══ Information given ══

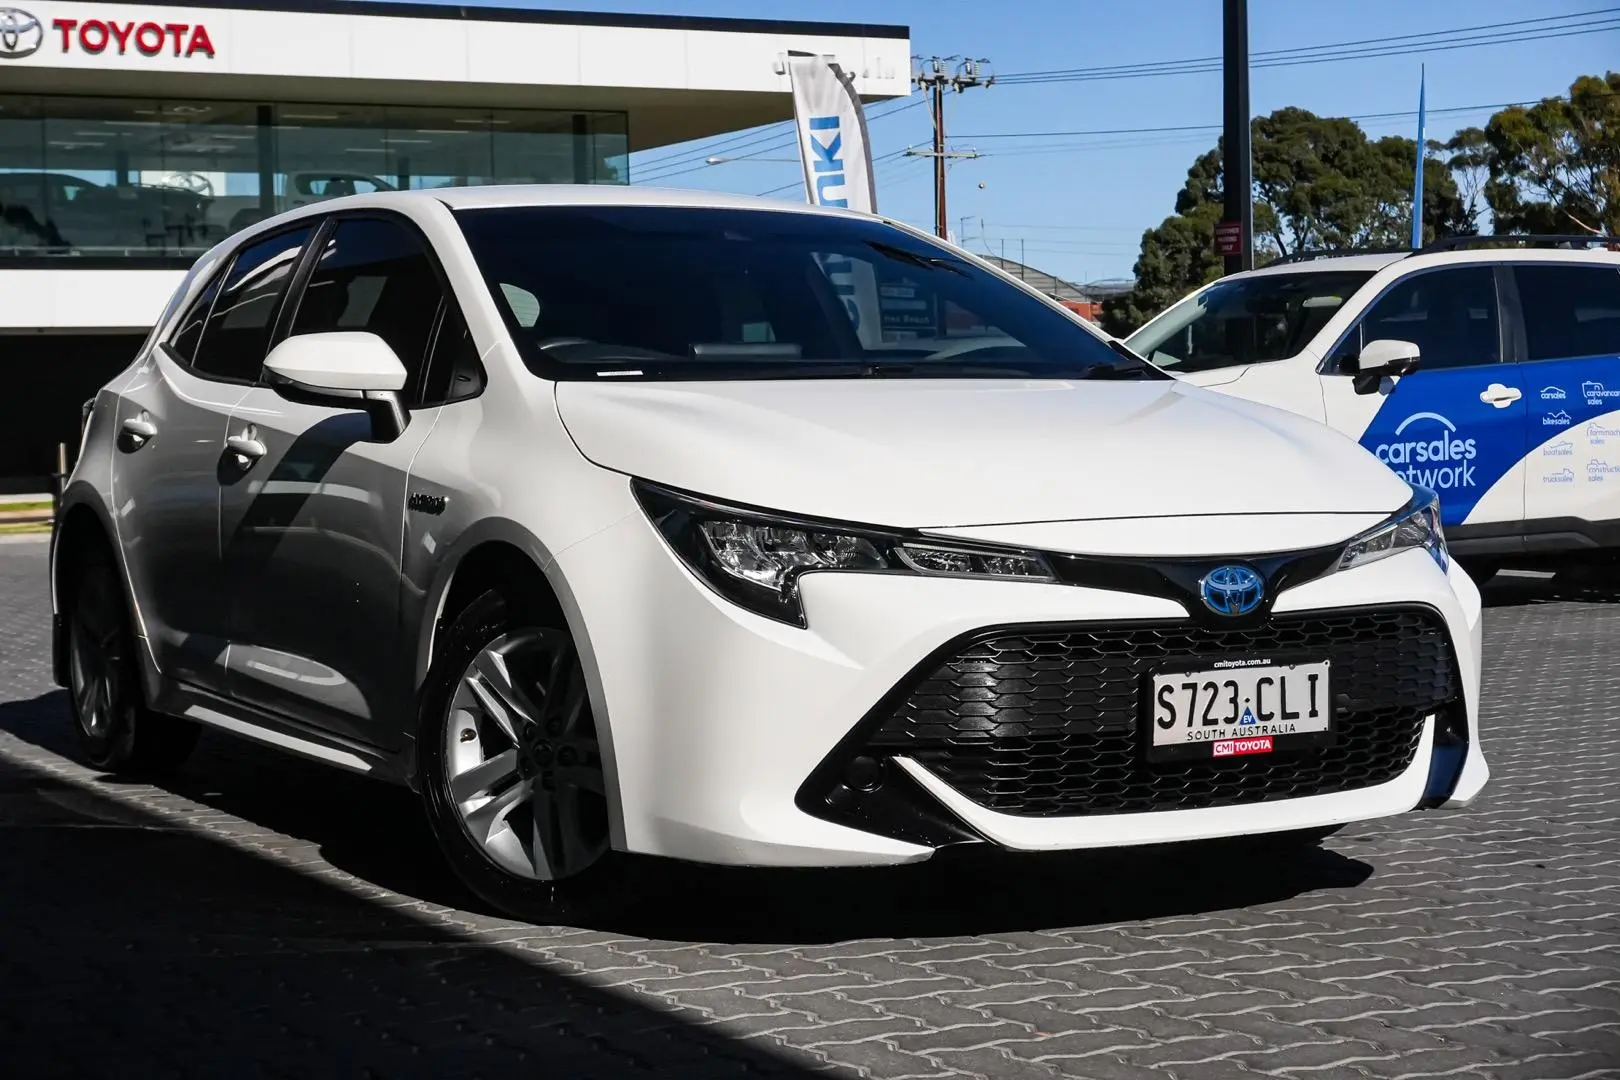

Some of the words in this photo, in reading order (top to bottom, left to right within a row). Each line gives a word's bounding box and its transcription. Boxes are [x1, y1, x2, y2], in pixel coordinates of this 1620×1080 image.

[53, 19, 215, 58] TOYOTA
[1541, 391, 1566, 399] carsales
[1587, 397, 1603, 405] sales
[1542, 416, 1570, 425] bikesales
[1375, 430, 1477, 464] carsales
[1396, 459, 1476, 488] twork
[1542, 474, 1573, 483] trucksales
[1213, 658, 1271, 669] cmitoyota.com.au
[1243, 715, 1254, 724] EV
[1187, 729, 1226, 741] SOUTH
[1231, 723, 1296, 737] AUSTRALIA
[1215, 742, 1234, 754] CMI
[1234, 739, 1272, 752] TOYOTA

═══

_Work request_
Would you please copy the material exactly, leaving all the pictures out?

_Task answer_
Some of the words in this photo, in reading order (top to bottom, left to right within a row). Each line gives a word's bounding box and its transcription. Boxes are [x1, y1, x2, y2], in pixel coordinates of this 1620×1080 image.

[53, 19, 215, 58] TOYOTA
[1541, 391, 1566, 399] carsales
[1587, 397, 1603, 405] sales
[1542, 416, 1570, 425] bikesales
[1375, 430, 1477, 464] carsales
[1396, 459, 1476, 488] twork
[1542, 474, 1573, 483] trucksales
[1213, 658, 1271, 669] cmitoyota.com.au
[1243, 715, 1254, 724] EV
[1187, 729, 1226, 741] SOUTH
[1231, 723, 1296, 737] AUSTRALIA
[1215, 742, 1234, 754] CMI
[1234, 739, 1272, 752] TOYOTA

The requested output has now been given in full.